Mailing List Archive

[Bug 488] Failed name server leads to unroutable address error
------- You are receiving this mail because: -------
You are the QA contact for the bug, or are watching the QA contact.

http://www.exim.org/bugzilla/show_bug.cgi?id=488





------- Comment #1 from ph10@hermes.cam.ac.uk 2007-03-22 09:36 -------
On Wed, 21 Mar 2007, marc@perkel.com wrote:

> I think this is a bug. A valid domain where the name servers are unreachable
> results in an error "unroutable address" rather than retrying.

Please post some evidence - for example, the output from

exim -d -bt something@a.bad.domain

Otherwise there's no way I or anybody else can test this or figure out
why it is behaving like that. This is likely to involve your DNS
resolver as well, so better post also the version of Exim, and what
operating system and release you saw this on.

Philip

--
Configure bugmail: http://www.exim.org/bugzilla/userprefs.cgi?tab=email

--
## List details at http://www.exim.org/mailman/listinfo/exim-dev Exim details at http://www.exim.org/ ##
[Bug 488] Failed name server leads to unroutable address error [ In reply to ]
------- You are receiving this mail because: -------
You are the QA contact for the bug, or are watching the QA contact.

http://www.exim.org/bugzilla/show_bug.cgi?id=488





------- Comment #2 from graeme@graemef.net 2007-03-22 10:57 -------
On 21/03/2007 21:43, marc@perkel.com wrote:
> I think this is a bug. A valid domain where the name servers are unreachable
> results in an error "unroutable address" rather than retrying. I ran into this
> situation where due to a network routing problem my name servers couldn't reach
> the domains name servers and rather than retrying it failed as if the domain
> didn't exist.

I don't believe this is a bug within Exim itself. It's an
interoperability problem, for sure, but not a bug - and it applies to
all applications which use DNS.

Let me explain:

If a domain - any domain - has nameservers A and B, and your machine
running Exim (machine C) cannot reach those servers, how does the
resolver on machine C (or any application running on it) know that the
domain is "valid"?

A common way of forcibly expiring domains (say, for repeated non-payment
or abuse reasons) within the ISP or hosting world is to simply delete
the zone from the authoritative nameservers. It sure gets customers'
attention when their domains disappear, I can tell you :)

Anyway: at that point, the root name servers or TLD nameservers for the
domain will be referring queries to the authoritative servers, which no
longer act authoritatively for it and return NXDOMAIN. At this point,
whatever application is making the query will bomb out with (in Exim's
case) an error of the form "unrouteable address".

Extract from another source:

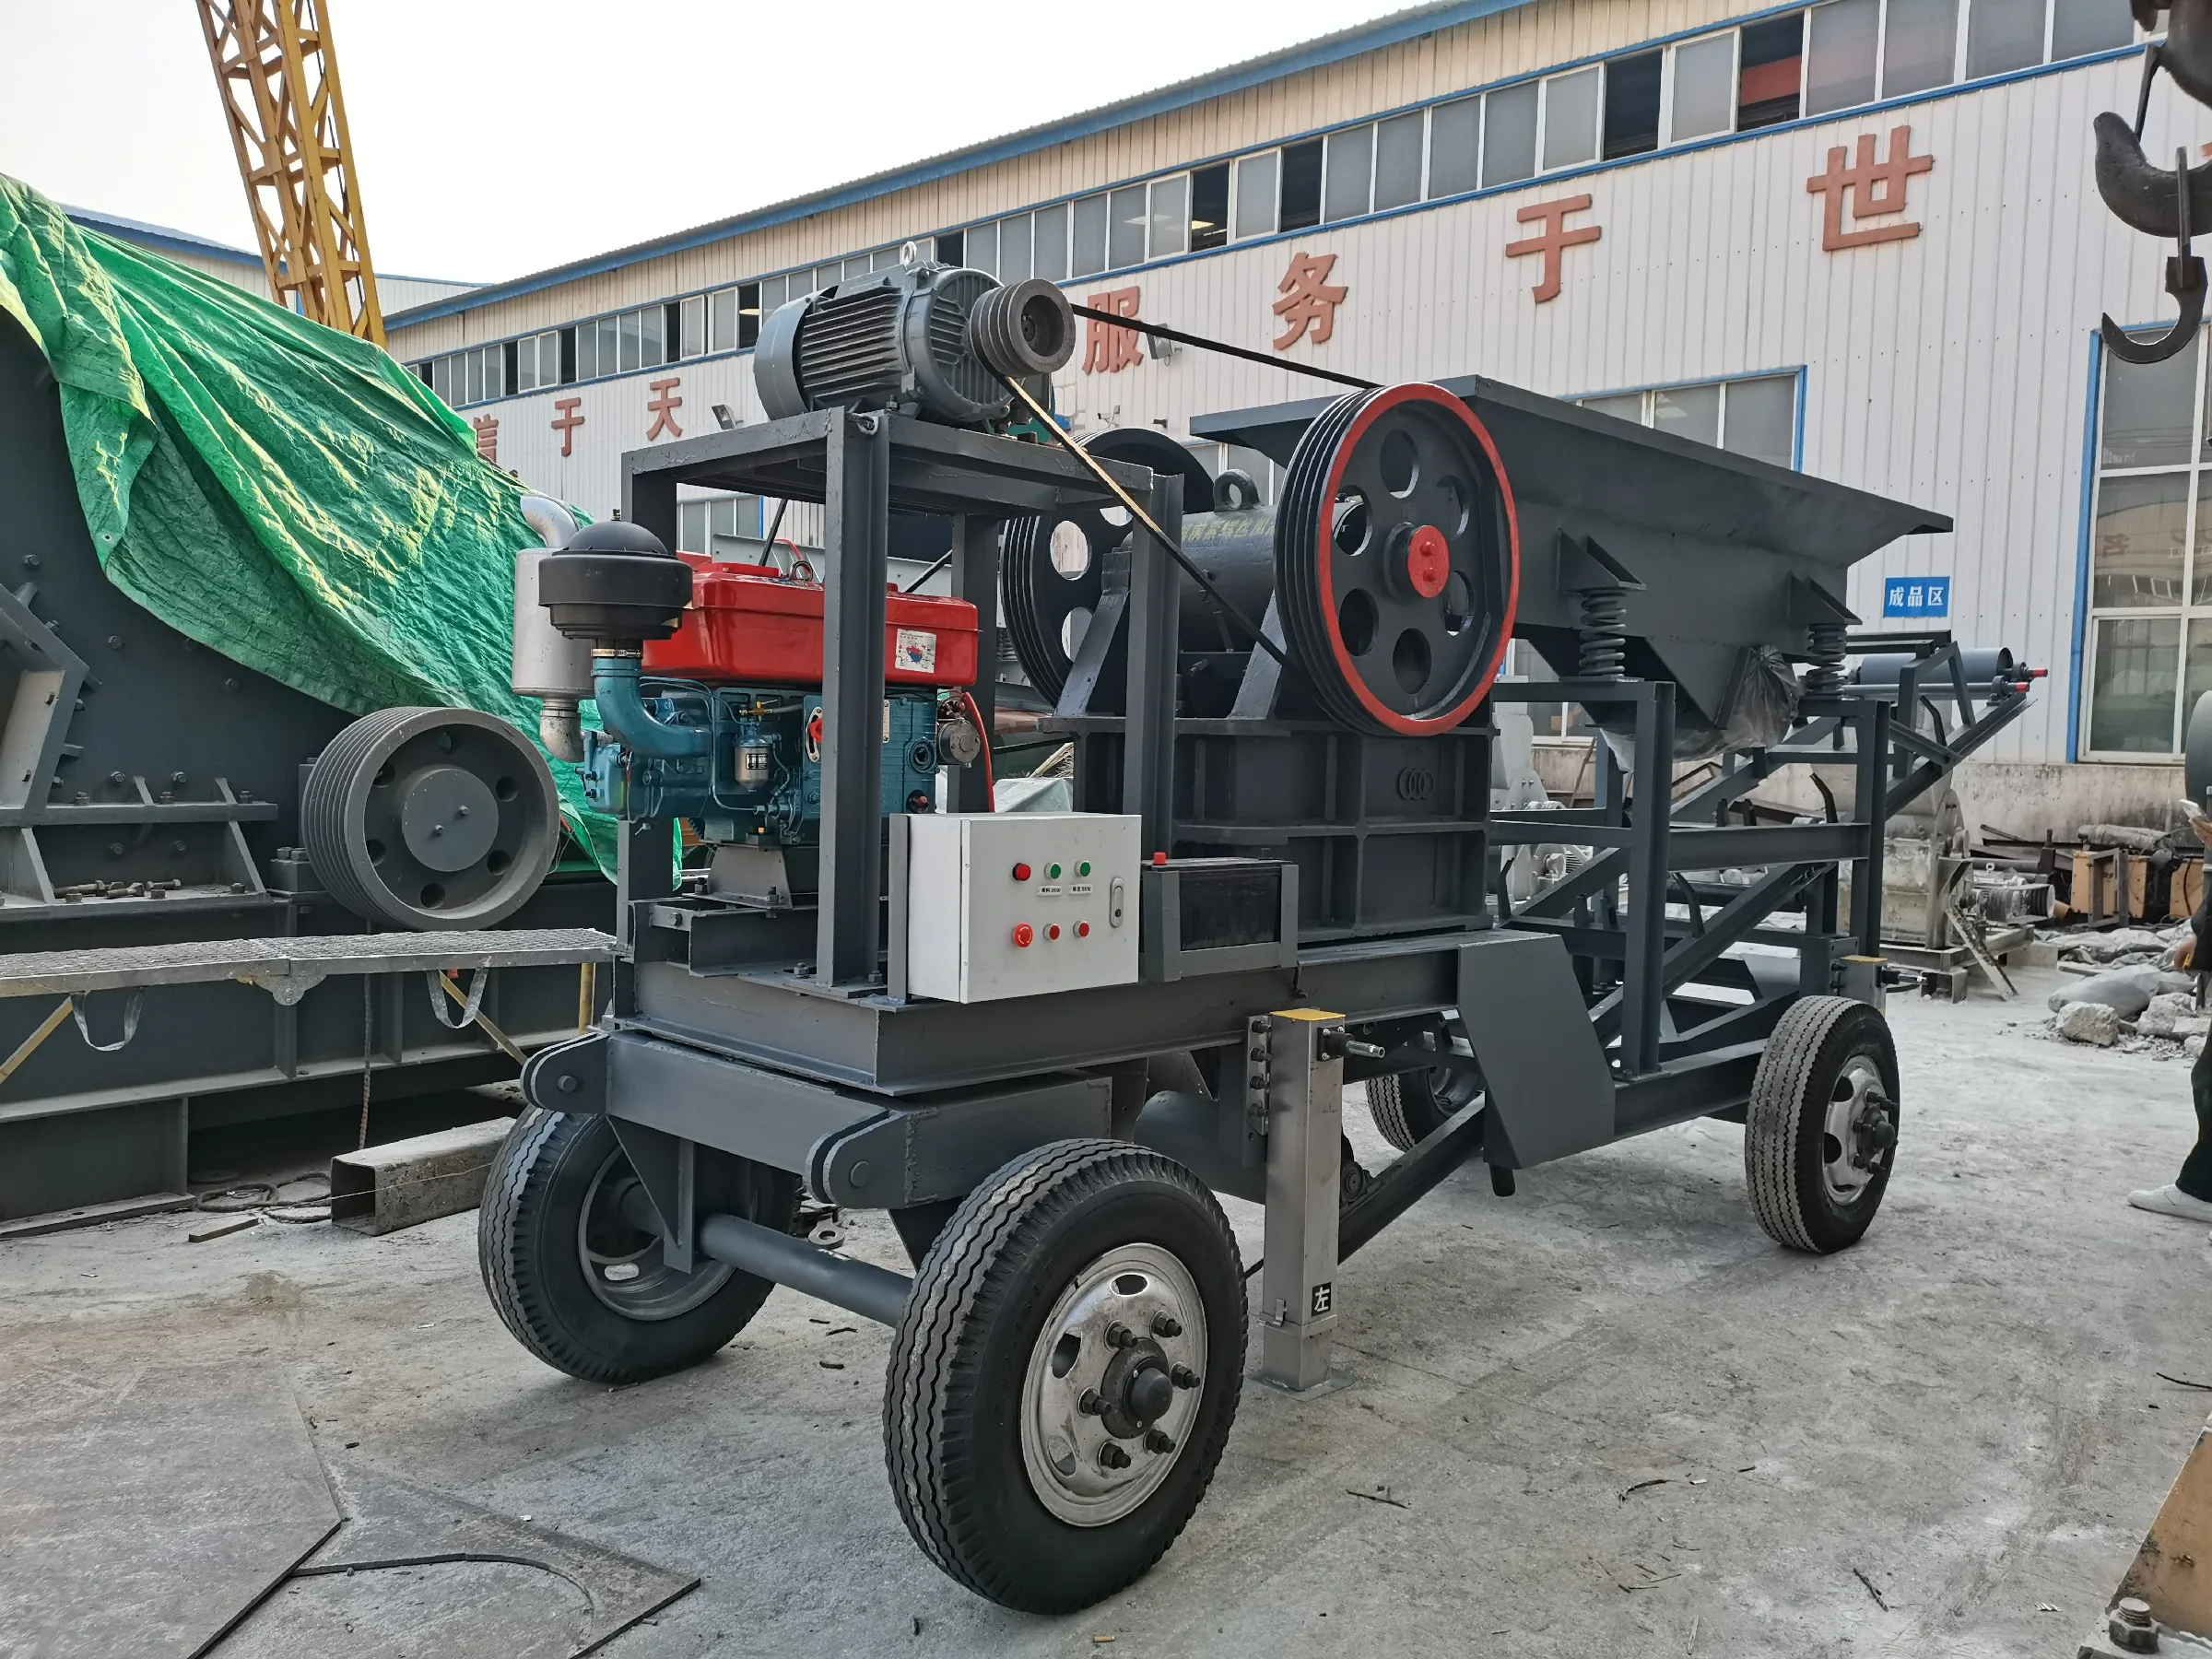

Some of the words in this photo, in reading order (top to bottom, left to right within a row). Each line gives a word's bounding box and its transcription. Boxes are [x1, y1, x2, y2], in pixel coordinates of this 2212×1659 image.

Extending the problem outwards to your case (which doesn't get NXDOMAIN
back from the authoritative servers), there is _no way_ for the machine
C to know whether the lack of response is because:

a) the authoritative nameservers have been permanently switched off
b) the authoritative nameservers have firewalled you out
c) the authoritative nameservers have a problem meaning that their
nameserver software isn't running
d) some odd network problems are causing your queries to either not
reach the authoritative nameservers, or the responses to not get back
e) some other problem (there are many possibilities)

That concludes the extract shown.